All three US indexes fell more than a percent Friday. The Dow lost 1.07%, the S&P 500 lost 1.24%, the Nasdaq Composite lost 1.54%, and the 10-year Treasury yield touched its highest level since May 2025. The Nasdaq's six-week winning streak ended. The S&P 500 held its seventh consecutive weekly gain by the thinnest of margins. [1]
The headline most wire services chose was "inflation worries." [1] [2] That is true at altitude. Closer to the ground there were two separate mechanisms pulling the same tape down. Oil's $109 weekly print continued to push the bond market to price a higher inflation premium, and the semiconductor sector lost about four percent on the day as the AI-momentum trade unwound a notch. The Philadelphia Semiconductor Index was down roughly four percent. Nvidia fell 4.4%, AMD 5.7%, Intel 6.2%. [3]
Those are not the same story. The bond move is a consequence of the Iran war's energy premium, which the paper's Friday lead documented at the level of Brent's 7.84% weekly gain. The chip move is a consequence of Cerebras Day 2 puncturing the Day 1 mythology and dragging the broader AI complex with it. One is a macro event arriving through the rates market. The other is a positioning event arriving through risk-on capitulation. Both can hit on the same Friday without sharing a cause.
The CME FedWatch tool now prices a December 2026 rate hike at roughly forty percent, up from below fourteen percent a week earlier. [3] Top forecasters are putting Q2 CPI prints in the six-percent range. That is the bond market's working assumption, and Friday's yield move is consistent with it. Warsh inherits this curve when he chairs his first FOMC on June 16 and 17. The transition that read as ceremonial a week ago is now a market-tested event, and the paper's May 15 piece on Powell remaining a voting governor matters more in that light.
The semiconductor move is a different animal. Cerebras opened at $280 on Day 2 after closing its first session up sixty-eight percent. The Friday tape reads as the first market verdict on the AI-demand-versus-concentration question that the IPO's prospectus disclosed and that Day 1 ignored. SOX -4% on a day when oil is the macro story is not a coincidence; it is the AI-momentum trade discovering it has been the marginal buyer of a lot of risk this spring.
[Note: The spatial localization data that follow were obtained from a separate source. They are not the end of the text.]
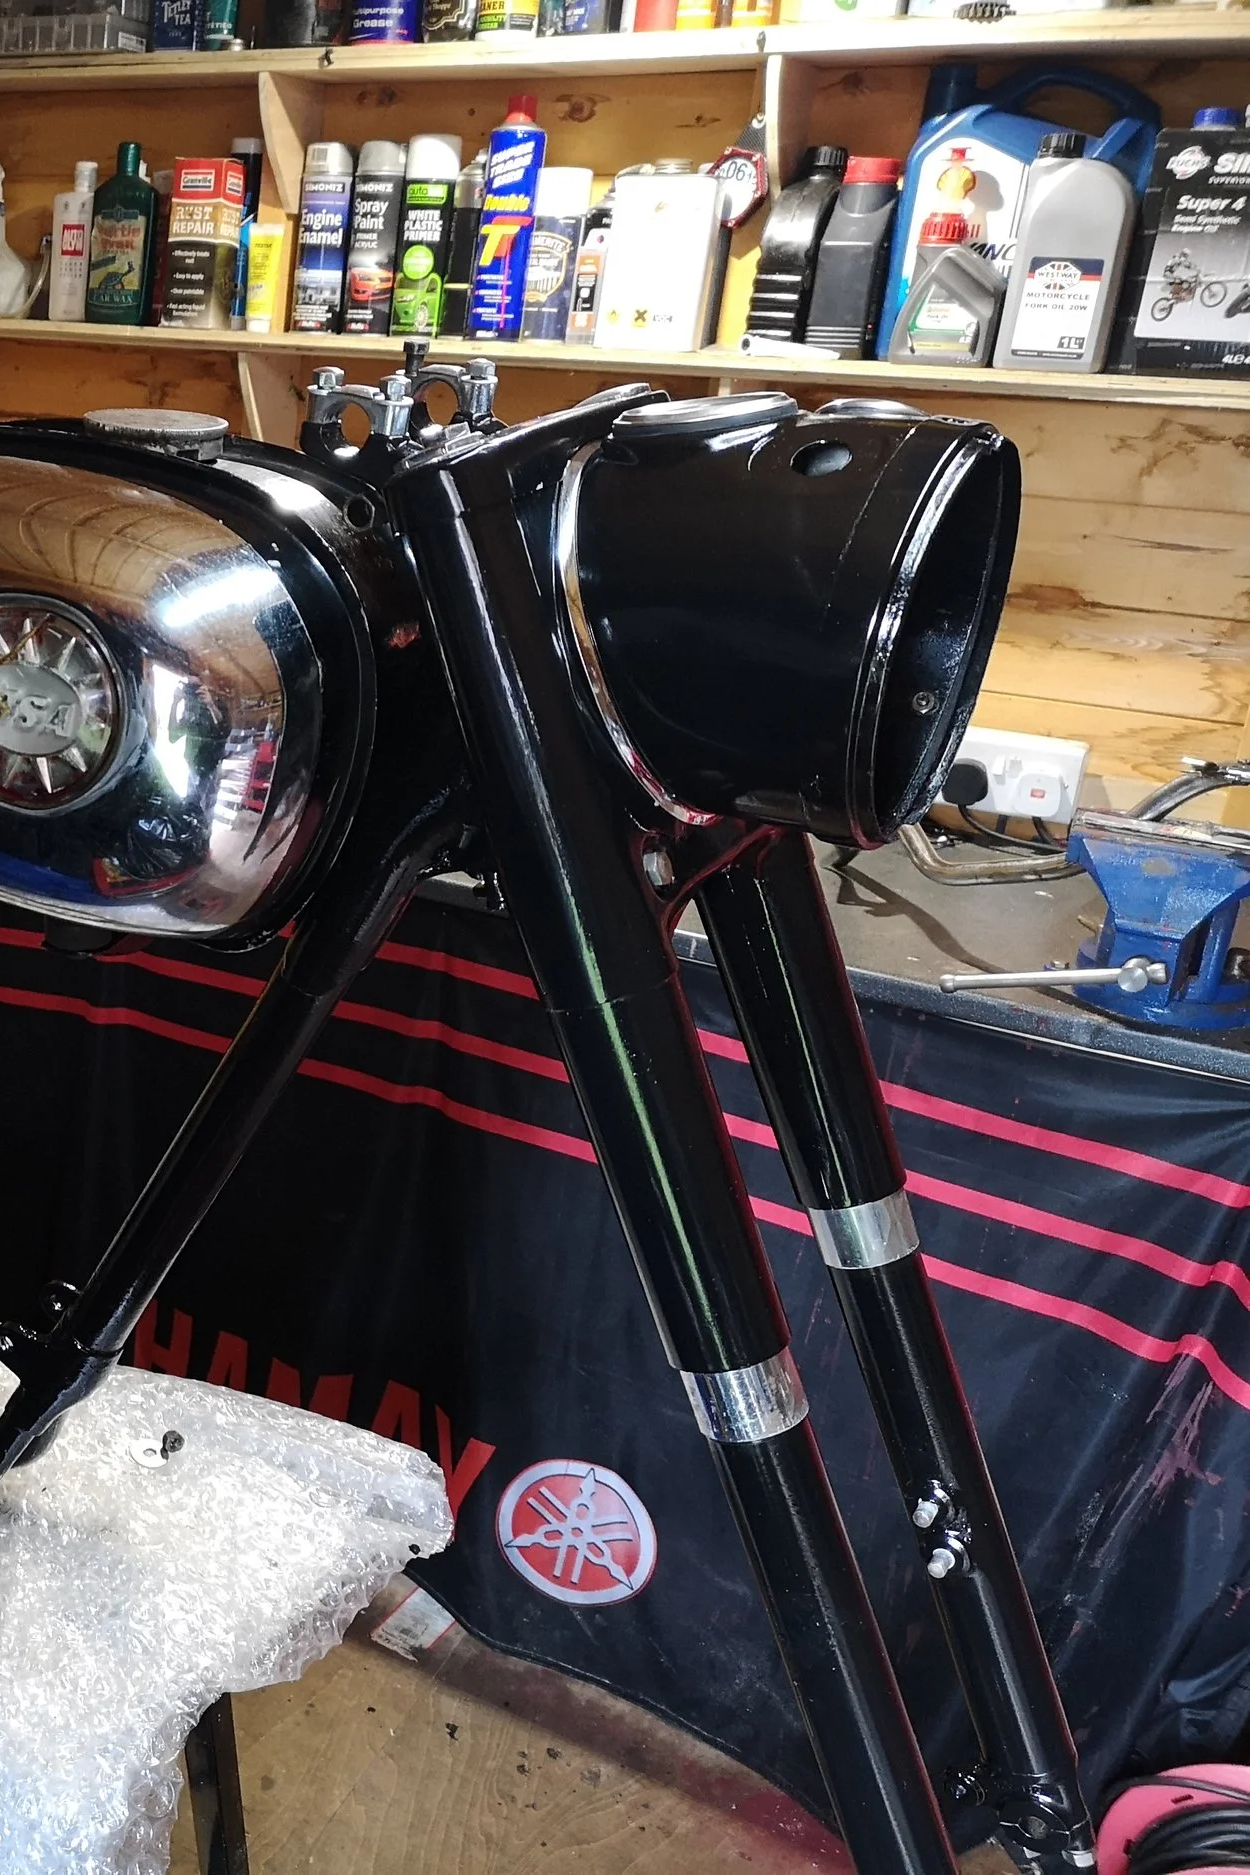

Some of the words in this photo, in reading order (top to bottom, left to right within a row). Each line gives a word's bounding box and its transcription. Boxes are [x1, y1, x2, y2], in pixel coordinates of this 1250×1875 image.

[175, 13, 191, 25] TEA
[352, 18, 394, 28] Grease
[304, 183, 344, 192] SIMONIZ
[355, 183, 394, 192] SIMONIZ
[355, 198, 389, 215] Spray
[1176, 195, 1232, 213] Super
[1231, 196, 1247, 211] 4
[176, 206, 213, 220] RUST
[408, 210, 441, 221] WHITE
[302, 209, 342, 230] Engine
[355, 215, 384, 230] Paint
[403, 220, 443, 231] PLASTIC
[172, 221, 214, 235] REPAIR
[300, 228, 343, 248] Enamel
[403, 231, 441, 242] PRIMER
[1027, 292, 1090, 301] MOTORCYCLE
The headline writers' collapse of the two mechanisms into one inflation story is not wrong in the way most simplifications are wrong. It is wrong in the way that flattens the rate of change. The bond market and the chip sector are now sending overlapping signals about the cost of risk, and they will continue to send them for a while. Treating them as one story makes Monday's response easier to predict and Tuesday's response easier to misread.
The S&P's seventh straight weekly gain is the line that will appear in most bull-case retrospectives. It is technically true and substantively trivial. The index was up 0.07% on the week. A streak preserved by seven basis points is not a streak; it is a coincidence the calendar declined to interrupt. The more honest weekly read is that the Nasdaq's six-week run ended on a day when both yields and chips moved against the prior tape, and that the rate-volatility environment heading into Warsh's first meeting is wider than it was on Monday.
The corporate calendar continues to interrupt. Berkshire's first Abel-era 13F landed Friday after close. Cerebras Day 2 set the new floor for the AI-momentum trade. The Hormuz-driven oil tape is a daily inflation print in disguise. Wall Street is not going to get a clean week any time soon, and the wire-service "inflation worries" frame is going to keep absorbing stories that deserve their own paragraph.
The reader-actionable fact is the simplest. Two mechanisms hit one tape. One is the bond market repricing the energy shock. The other is the AI trade losing four percent in a day. They will not move together every week. They moved together this one.